This past week’s impressive housing data had little impact on mortgage markets, and rates again held steady near record low levels.
The spectacular rebound in the housing sector from weakness during the spring due to the shutdown of much of the economy due to the coronavirus has continued. In August, sales of previously owned (existing) homes, which make up about 90% of the market, rose to the highest level since 2006. National median existing-home prices were up 11% from a year ago.
Inventory levels were down 19% from a year ago and remained the primary trouble spot. The number of homes for sale was at just a 3.0-month supply nationally, well below the 6.0-month supply which is considered a healthy balance between buyers and sellers.

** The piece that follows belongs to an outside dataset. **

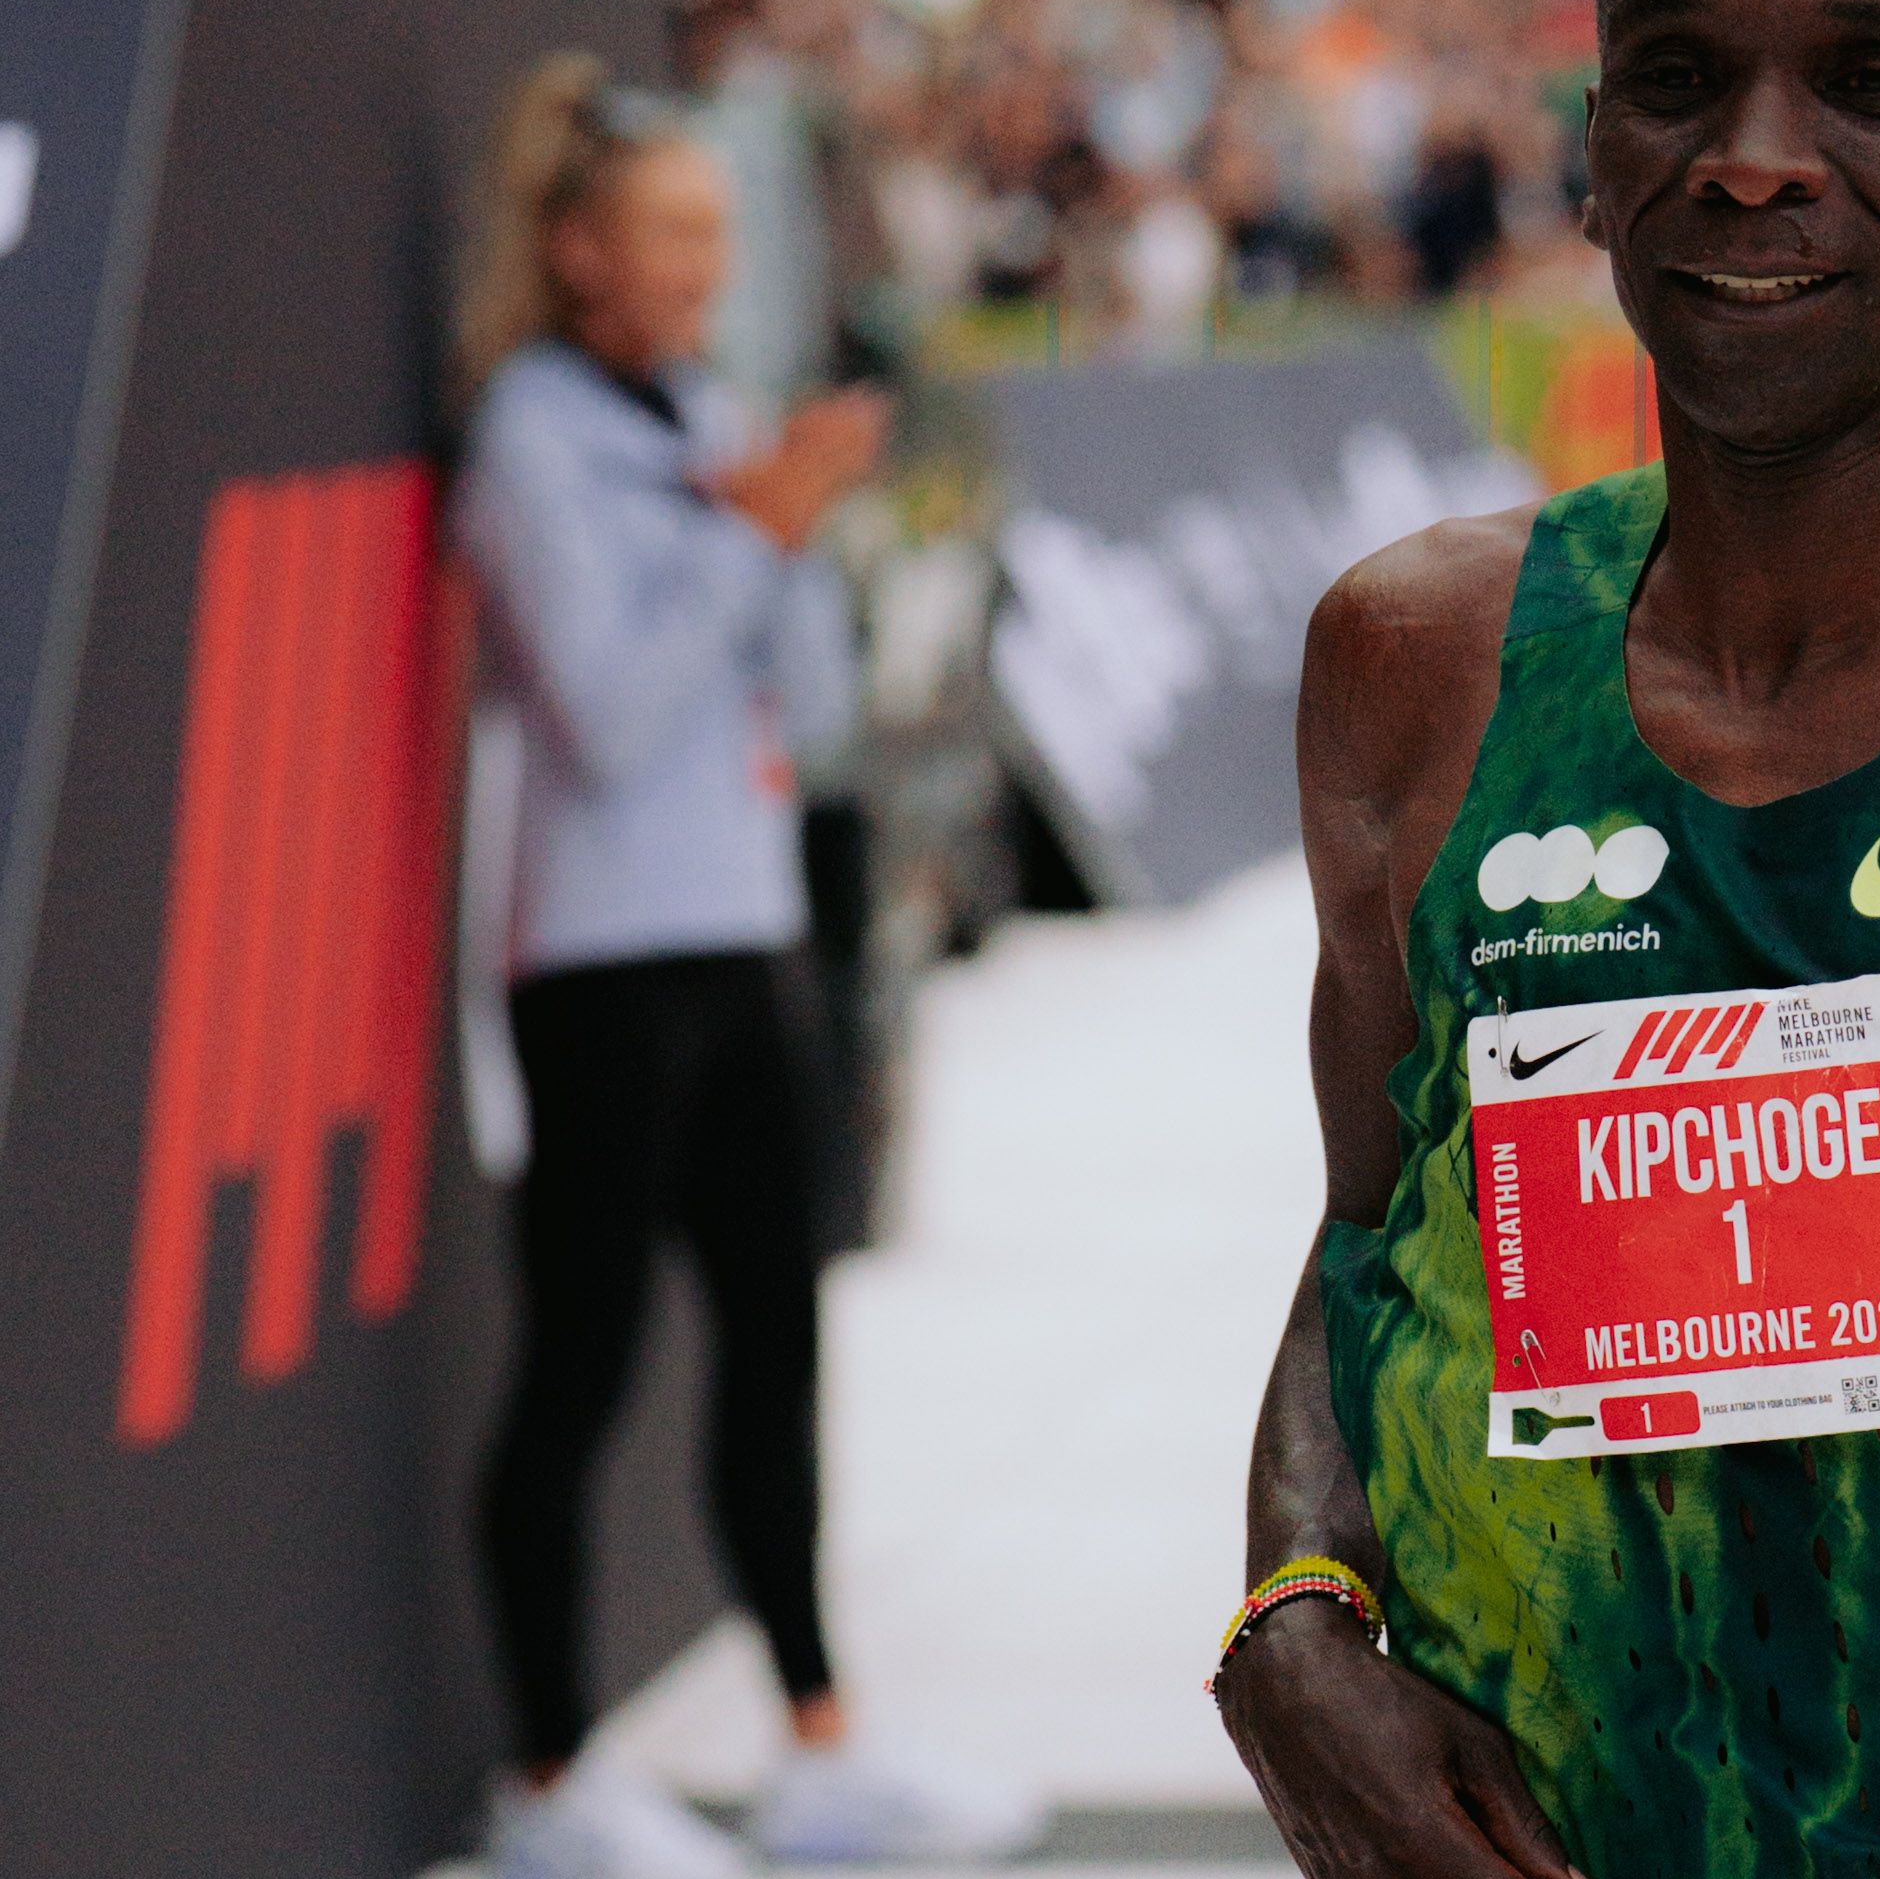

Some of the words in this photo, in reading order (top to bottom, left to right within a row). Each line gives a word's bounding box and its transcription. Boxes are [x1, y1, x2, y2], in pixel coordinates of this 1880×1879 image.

August new home sales, which account for the remaining 10% of the market, were remarkably strong as well. They increased 5% from July, also to the best level since 2006, and were 43% higher than a year ago. Unlike existing home sales, which are based on closings, new home sales measure contracts signed during the month, a more current indicator of activity.
Several factors have helped boost home sales activity over the last few months including record low mortgage rates and pent up demand from March and April when many people were reluctant to buy or sell a home. In addition, the pandemic has increased the desire to live in larger homes and in less densely packed regions.
Investors will remain focused on medical advances to fight the coronavirus. Beyond that, the monthly Employment report will be released on Friday, and these figures on the number of jobs, the unemployment rate, and wage inflation will be the most highly anticipated economic data of the month. Before that, the core PCE price index, the inflation indicator favored by the Fed, will come out on Thursday. The ISM national manufacturing index also will be released on Thursday.